Fig. 1. — The SVD (3, 4) and GSVD (5) cell cycle mRNA expression subspaces. (a) Normalized array correlation with the π/2-phase eigenarray along the y-axis vs. that with the 0-phase along the x-axis, color-coded according to the classification of the arrays into the five cell cycle stages by using combinatorics: M/G₁ (yellow), G₁ (green), S (blue), S/G₂ (red), and G₂/M (orange). The dashed unit and half-unit circles outline 100% and 25% of overall normalized array expression in this subspace. (b) Normalized correlation of each of the 646 cell cycle-regulated genes with the two corresponding eigengenes, color-coded according to either the traditional or microarray classifications. (c) The SVD picture of the yeast cell cycle. (d) Array expression, projected from the six-arraylets GSVD subspace onto π/2-phase along the y-axis vs. that onto 0-phase along the x-axis. The dashed unit and half-unit circles outline 100% and 50% of added up (rather than canceled out) contributions of the six arraylets to the overall projected expression. The arrows describe the projections of the –π/3-, 0-, and π/3-phase arraylets. (e) Expression of the 612 cell cycle-regulated genes, projected from the six-genelets GSVD subspace onto π/2-phase along the y-axis vs. that onto 0-phase along the x-axis. (f) The GSVD picture of the yeast cell cycle.

Data Sets. (i) Proteins' DNA-binding data. This data set tabulates the relative DNA-bound protein occupancy levels of the N = 2,928 ORFs with at least one valid data point in any one of L = 13 samples, which correspond to the nine yeast cell cycle transcription factors measured by Simon et al. (10) and four yeast replication initiation proteins measured by Wyrick et al. (11) (Data Set 5, which is published as supporting information on the PNAS web site). The relative binding occupancy level of the nth ORF in the lth sample is presumed valid when the P value calculated by either Simon et al. or Wyrick et al. that is associated with the measured relative binding occupancy signal is <0.1. We divide each ORF measurement by the arithmetic mean of the measurements for that ORF, thus converting the data to binding levels of each protein relative to those of all other proteins. (ii) α-Factor mRNA expression data. This set tabulates the relative mRNA expression levels of the 4,636 ORFs with valid data in all of the 18 samples of a cell cycle time course of an α-factor-synchronized culture (6) (Data Set 6, which is published as supporting information on the PNAS web site). The relative expression level of the nth ORF in the lth sample is presumed valid when the ratio of the measured expression signal to that of the background is >1 for both the synchronized culture and the asynchronous reference. (iii) CLB2 and CLN3 mRNA overexpression data. This set tabulates mRNA expression of 5,840 ORFs with valid data in four samples, two samples each of strains with overexpressed CLN3 and CLB2, which encode G₁ and G₂/M cyclins, respectively (6) (Data Set 7, which is published as supporting information on the PNAS web site). (iv) CDC15 mRNA expression data. This set tabulates mRNA expression of 4,122 ORFs with valid data in all 24 samples of a cell cycle time course of a yeast CDC15 mutant culture synchronized by temperature change (6) (Data Set 8, which is published as supporting information on the PNAS web site).

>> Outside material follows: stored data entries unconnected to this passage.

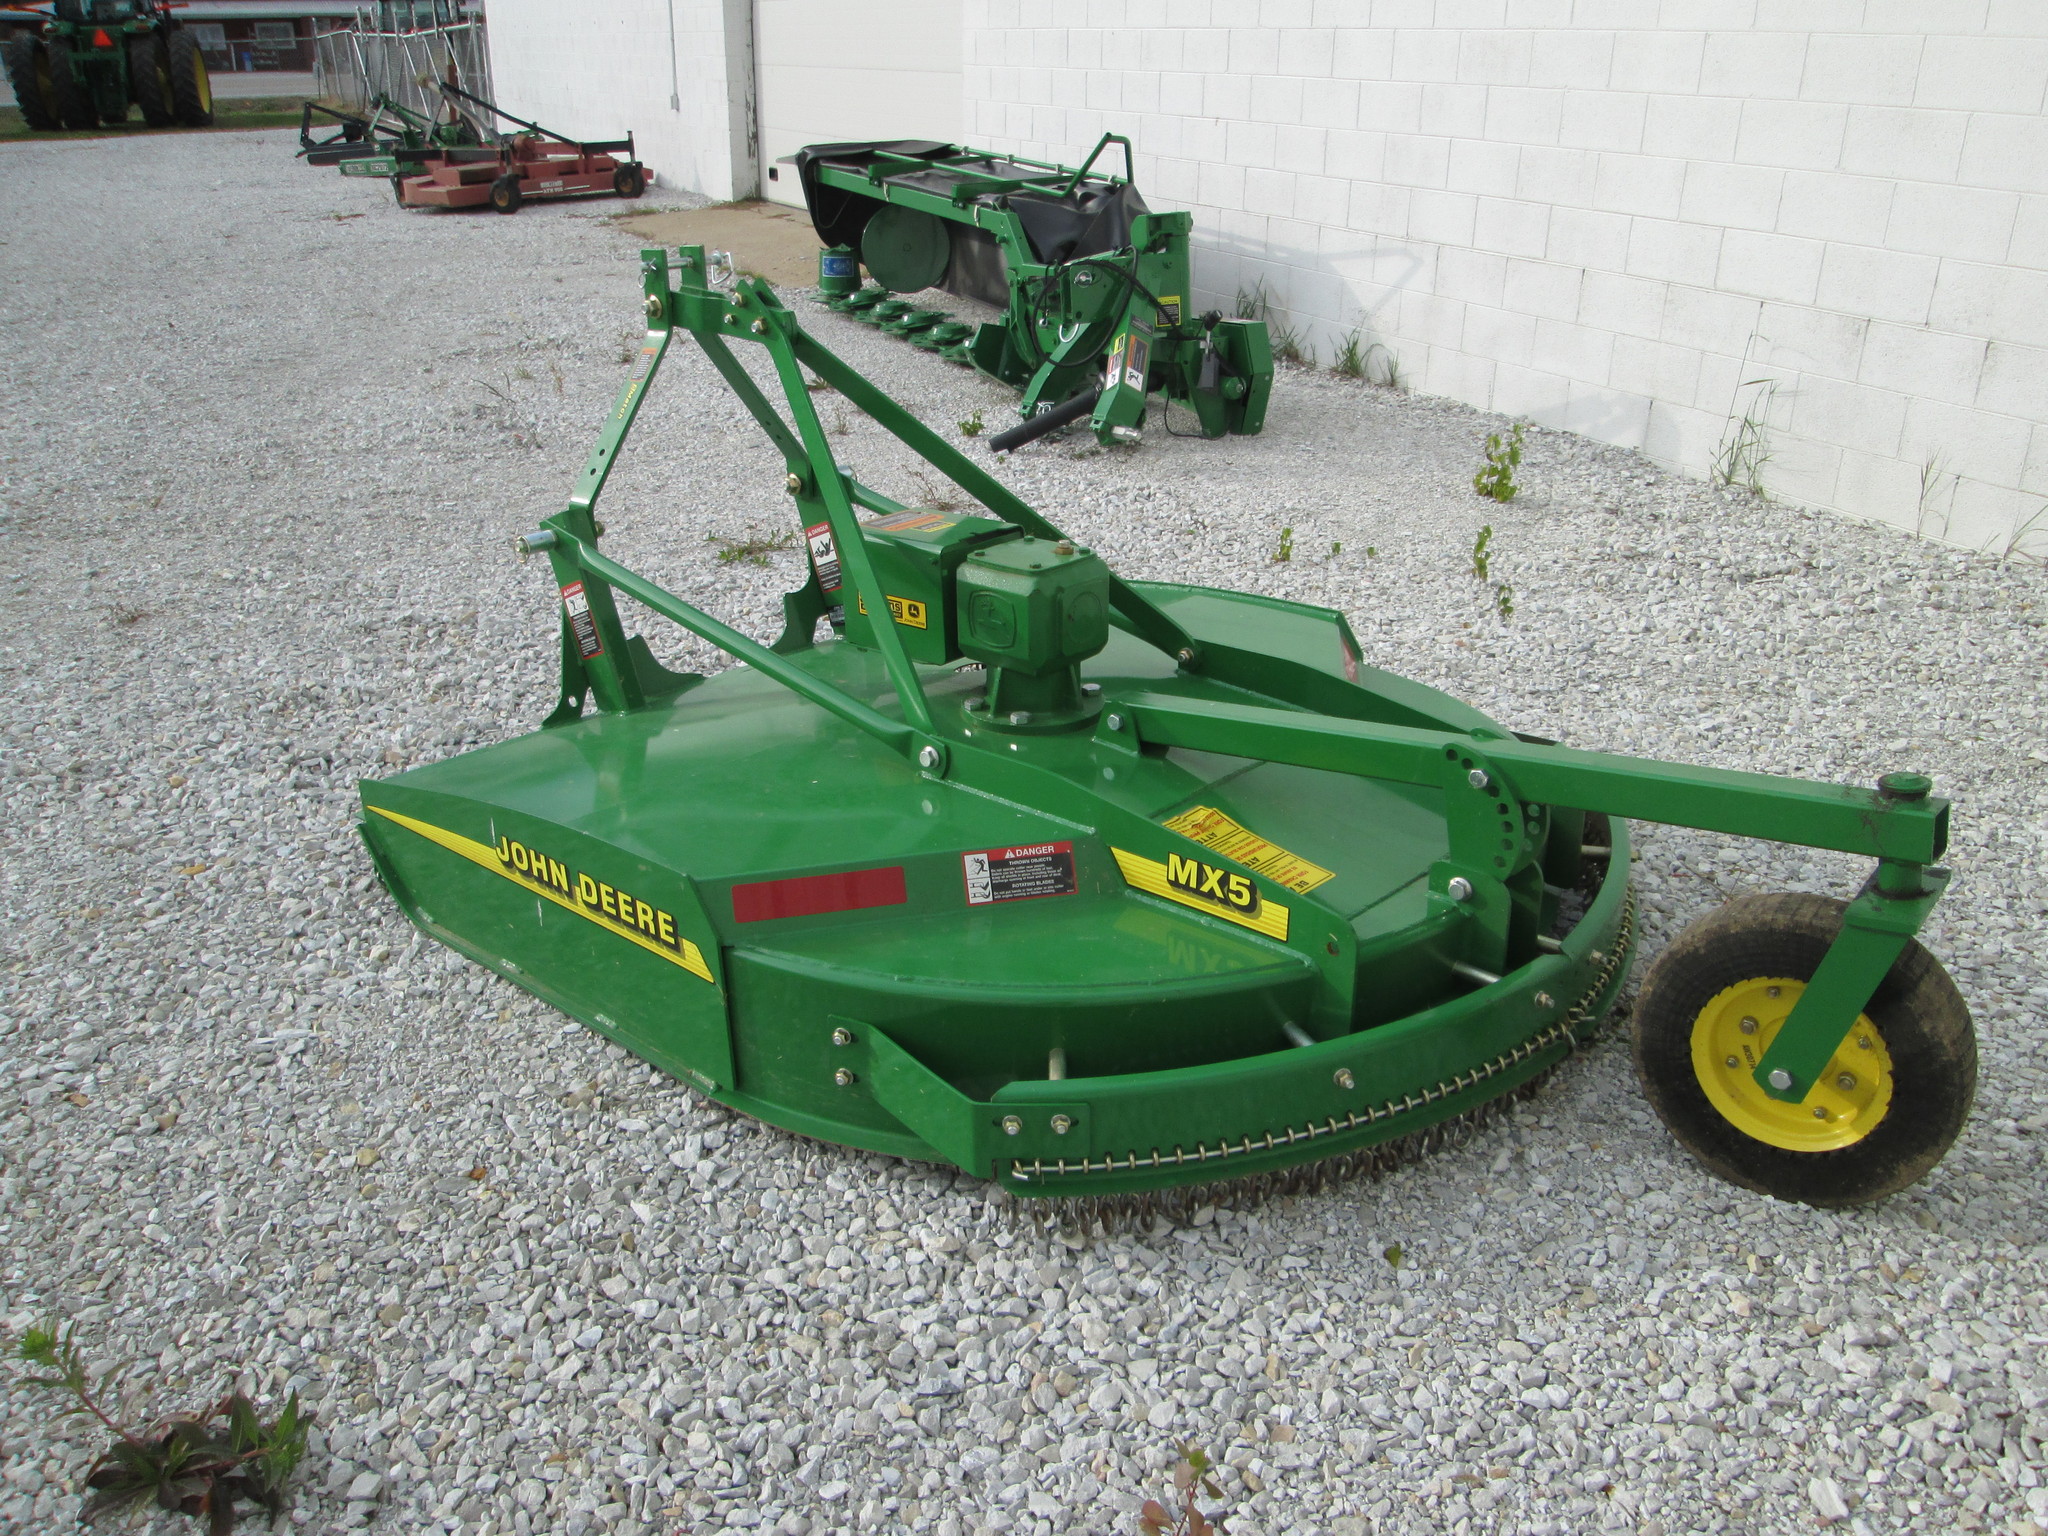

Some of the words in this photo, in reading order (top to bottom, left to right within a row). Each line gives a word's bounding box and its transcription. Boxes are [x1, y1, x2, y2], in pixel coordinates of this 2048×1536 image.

[811, 524, 829, 536] DANGER
[1015, 845, 1055, 857] DANGER
[495, 835, 573, 896] JOHN
[578, 871, 678, 949] DEERE
[1167, 851, 1256, 912] MX5

Pseudoinverse Reconstruction of the Proteins' DNA-Binding Data in the mRNA Expression Bases. Of the 2,227 and 2,139 ORFs in the intersections of the 2,928 ORFs of the proteins' DNA-binding data set and the 4,579 and 4,523 ORFs of the SVD- and GSVD-cell cycle mRNA expression bases, 400 and 377 ORFs were microarray-classified, and 58 and 60 were traditionally classified as cell cycle-regulated, respectively. In these intersections, at least one canonical correlation of each binding profile with either the SVD or GSVD bases is >0.1 (see Fig. 6 and Mathematica Notebook 2, which are published as supporting information on the PNAS web site). We reconstruct the proteins' DNA-binding data in the SVD and GSVD bases by using pseudoinverse projections in these intersections (Fig. 2). With the ORFs sorted according to their SVD and GSVD cell cycle phases, the ORF variations of the SVD- and GSVD-reconstructed binding profiles approximately fit cosine functions of one period and of varying initial phases. With the nine transcription factors ordered Mbp1, Swi4, Swi6, Fkh1, Fkh2, Ndd1, Mcm1, Ace2, and Swi5, following Simon et al. (10), the SVD- and GSVD-pseudoinverse correlations approximately fit cosine functions of one period and of varying initial phases across the nine samples, and are approximately invariant across the four samples of the replication initiation proteins, Mcm3, Mcm4, Mcm7, and Orc1 (Fig. 3).

Fig. 2. — Pseudoinverse reconstruction of the proteins' DNA-binding data in the SVD (a and b) and GSVD (c and d) cell cycle mRNA expression bases, with the ORFs sorted according to their SVD- and GSVD phases, respectively. Raster displays (a and c), with overexpression (red), no change in expression (black), and underexpression (green), and line-joined graphs (b and d) of the SVD- and GSVD-reconstructed 13 binding profiles along 2,227 and 2,139 ORFs, centered at their sample- and ORF-invariant levels, show a traveling wave in the nine transcription factors and a standing wave in the four replication initiation proteins.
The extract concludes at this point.